The common characteristics of problems that can be solved with dynamic programming are:

• the optimum value (maximum or minimum)
• or the number of ways
• future “decisions” depend on earlier decisions
  • This characteristic makes a greedy algorithm invalid for a DP problem
• If you can think of an example where earlier decisions affect future decisions, then DP is applicable.

Mnemonics to remember:

Bottom-up (Tabulation) = “build the table” / think array.

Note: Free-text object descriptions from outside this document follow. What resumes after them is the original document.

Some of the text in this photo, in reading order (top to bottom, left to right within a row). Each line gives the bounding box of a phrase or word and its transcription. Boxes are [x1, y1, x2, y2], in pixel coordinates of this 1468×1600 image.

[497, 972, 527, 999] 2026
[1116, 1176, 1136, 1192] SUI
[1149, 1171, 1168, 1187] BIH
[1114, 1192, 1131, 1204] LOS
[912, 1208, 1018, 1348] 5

Top-down (Memoization)= “start from the goal” / think recursion + cache.

Bottom-up (Tabulation)

• Build answers from the smallest subproblems upward into a table/array until you reach the target.
• bottom-up implementations usually use an array

The Climbing Stairs problem — a Fibonacci-like DP

• Climbing Stairs Problem
• Min Cost Climbing Stairs

  public int dp(int n) {
      if (n == 1) return 1;
      // The array's length should be 1 longer than the length of the problem input 
      // to accommodate the base cases and the final result at index n
      int[] dp = new int[n + 1];//beginning from index = 1
      dp[1] = 1; // Base cases
      dp[2] = 2; // Base cases
      for (int i = 3; i <= n; i++) {
          dp[i] = dp[i - 1] + dp[i - 2]; // Recurrence relation
      }
      return dp[n];
  }
  

Top-down (Memoization)

• Start at the final goal, recursively break it into subgoals, and cache results to avoid recomputation.
• Visualize an exploration tree that gets pruned by a memo cache.
• Natural for complex recurrences or when many states are never needed.

Climbing Stairs Problem : recurrence relation dp(i) = dp(i - 1) + dp(i - 2)

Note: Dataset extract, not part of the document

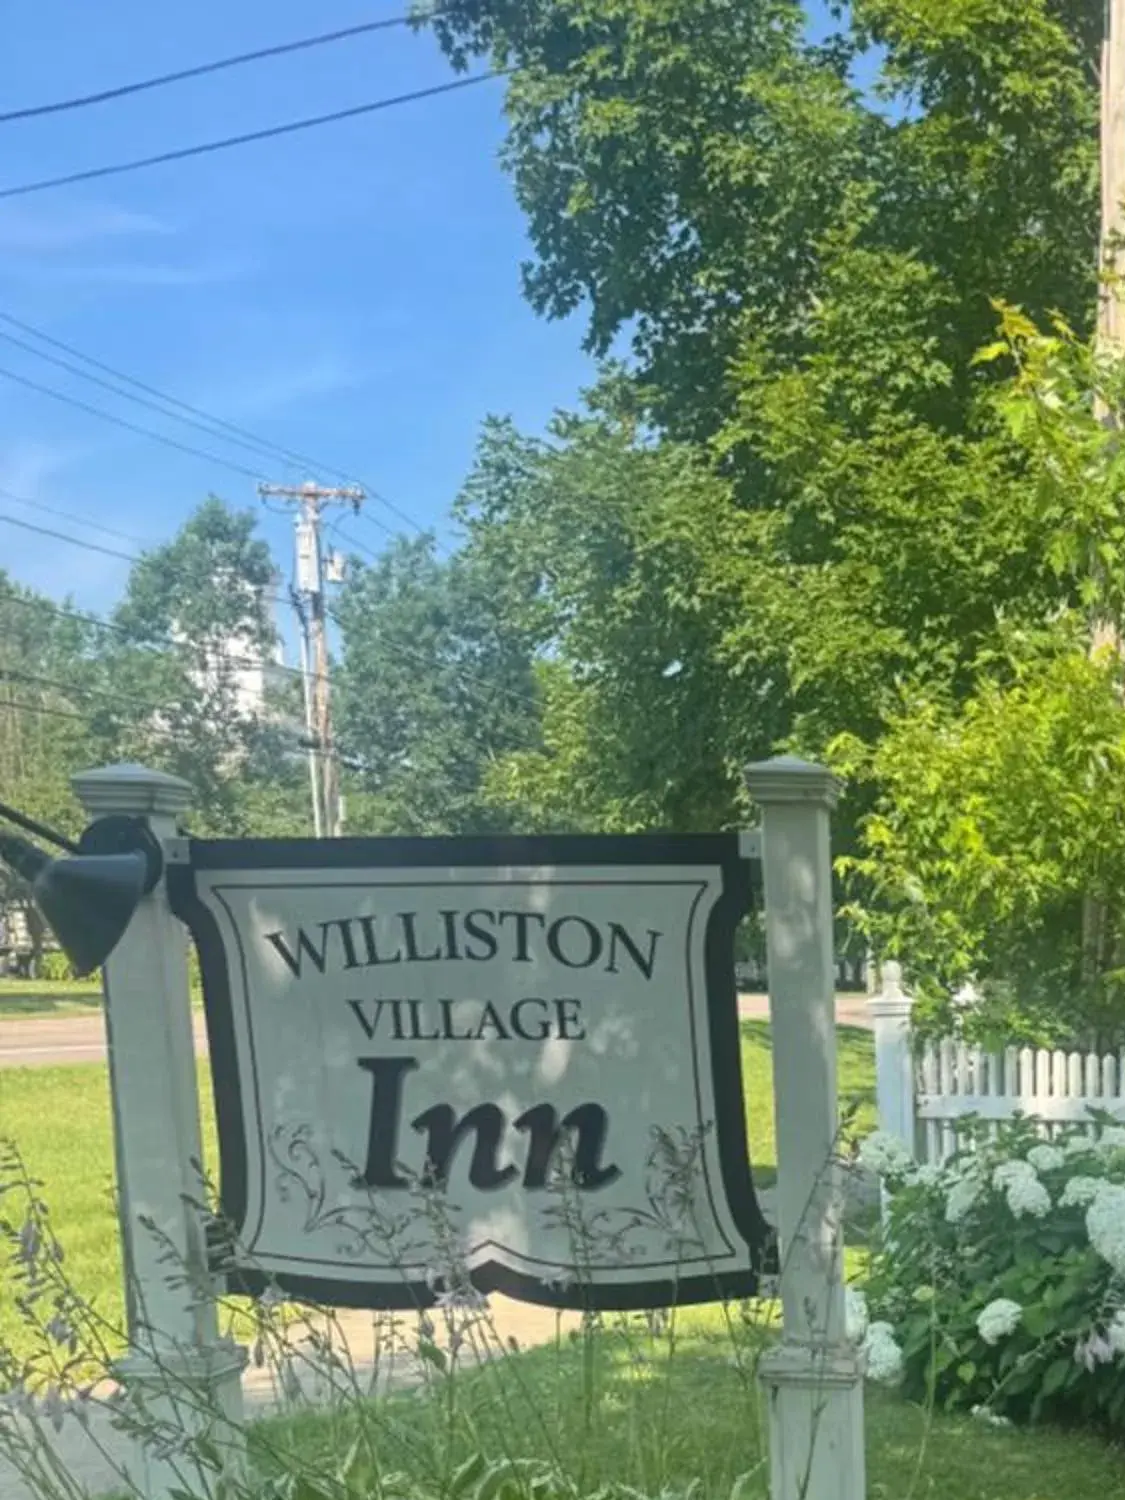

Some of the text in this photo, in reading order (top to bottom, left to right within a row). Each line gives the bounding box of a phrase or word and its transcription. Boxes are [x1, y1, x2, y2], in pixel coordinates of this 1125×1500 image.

[266, 908, 662, 981] WILLISTON
[347, 998, 586, 1040] VILLAGE
[350, 1057, 623, 1191] Inn

// store calculated values inside a hashmap to refer to in the future
private final HashMap<Integer, Integer> memoCache = new HashMap<>();

private int dp(int i) {
    if (i <= 2) return i;
    if (!memoCache.containsKey(i)) {
      memoCache.put(i, dp(i - 1) + dp(i - 2));//Use putIfAbsent if the calculated value doesn't change
    }
    return memoCache.get(i);
}

With Recursion

• the time complexity is high. Without memoization The code above has a time complexity of 𝑂(2^𝑛) because every call to dp() creates 2 more calls to dp()

private int dp(int i) {
    if (i <= 2) return i; // Base cases
    return dp(i - 1) + dp(i - 2); // Recurrence relation
}

Min Cost Climbing Stairs

Min Cost Climbing Stairs

• Go reversed

  public int minCostClimbingStairs(int[] cost) {
      int size = cost.length;
      int[] dp = new int[size+1];
      dp[size] = 0;
      dp[size-1] = Math.min(cost[size-1],cost[size-2]);
        
      //Go reversed which will give the price starting from step 0 or step 1
      for(int i = size-2; i >= 0; i--){
          dp[i] = cost[i] + Math.min(dp[i+1],dp[i+2]);
      }
        
      return Math.min(dp[0],dp[1]);
  }
  

• Fill from the beginning

  public int minCostClimbingStairs(int[] cost) {
      int[] dp = new int[cost.length + 1];
      // step 0 and step 1 is 0, no need to set as its by-default
    
      // Start iteration from step 2, since the minimum cost of reaching
      for (int i = 2; i < minimumCost.length; i++) {
          int takeOneStep = minimumCost[i - 1] + cost[i - 1];
          int takeTwoSteps = minimumCost[i - 2] + cost[i - 2];
          dp[i] = Math.min(takeOneStep, takeTwoSteps);
      }
            
      // The final element refers to the top floor
      return dp[dp.length - 1];
  }
  

House Robber

House Robber

• If decided not to rob the house, then we don’t gain any money. Whatever money from the previous house is how much money have at this house - dp(i - 1)
• If we decide to rob the house, then gain = money[i] from current house PLUS the money from the previous house dp(i - 2)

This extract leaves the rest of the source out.